#### Your assignment
An exact copy of all the data is required, with pictures left out.

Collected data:
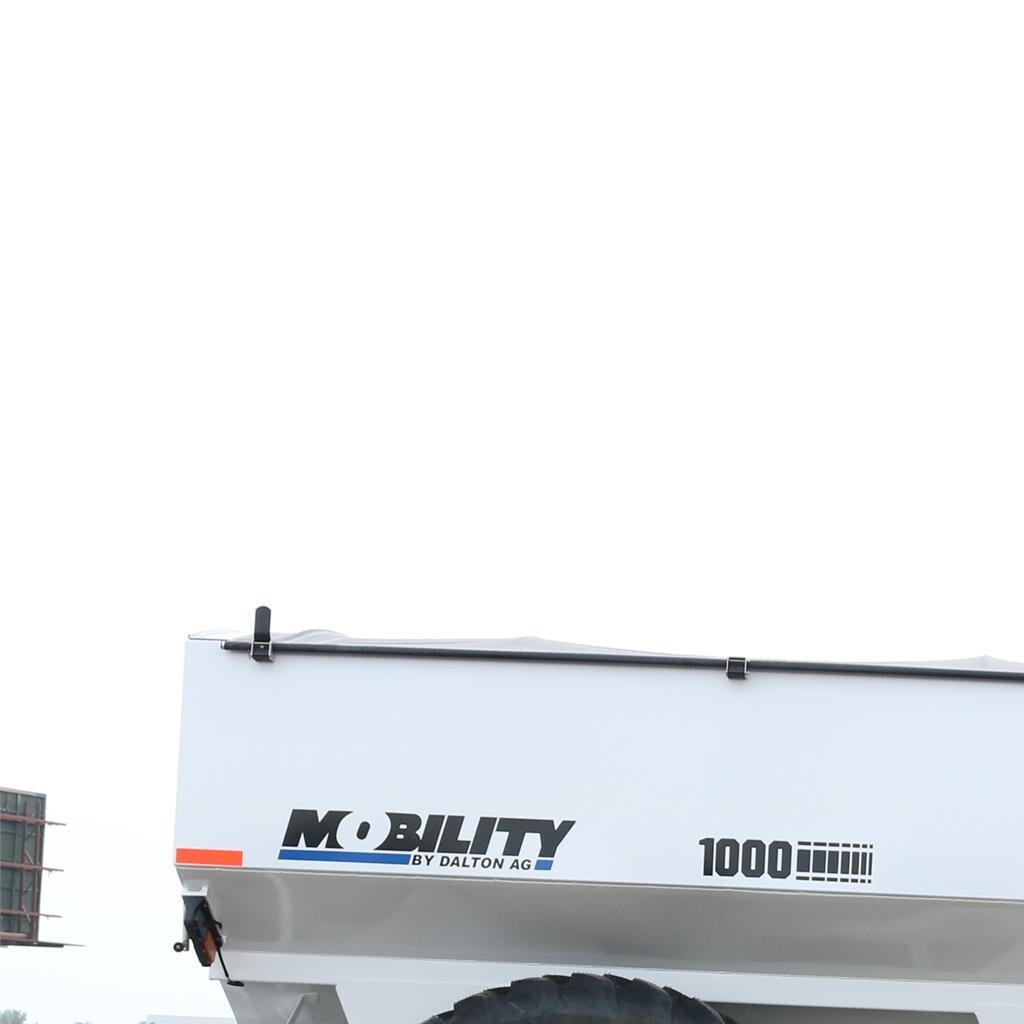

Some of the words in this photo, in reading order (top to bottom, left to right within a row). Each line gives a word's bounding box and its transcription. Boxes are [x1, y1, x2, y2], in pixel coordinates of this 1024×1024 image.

[281, 808, 577, 858] MOBILITY
[411, 854, 434, 867] BY
[439, 856, 505, 870] DALTON
[509, 858, 532, 871] AG
[698, 837, 793, 880] 1000

#### Your solution
Some of the words in this photo, in reading order (top to bottom, left to right within a row). Each line gives a word's bounding box and its transcription. Boxes are [x1, y1, x2, y2], in pixel coordinates of this 1024×1024 image.

[281, 808, 577, 858] MOBILITY
[411, 854, 434, 867] BY
[439, 856, 505, 870] DALTON
[509, 858, 532, 871] AG
[698, 837, 793, 880] 1000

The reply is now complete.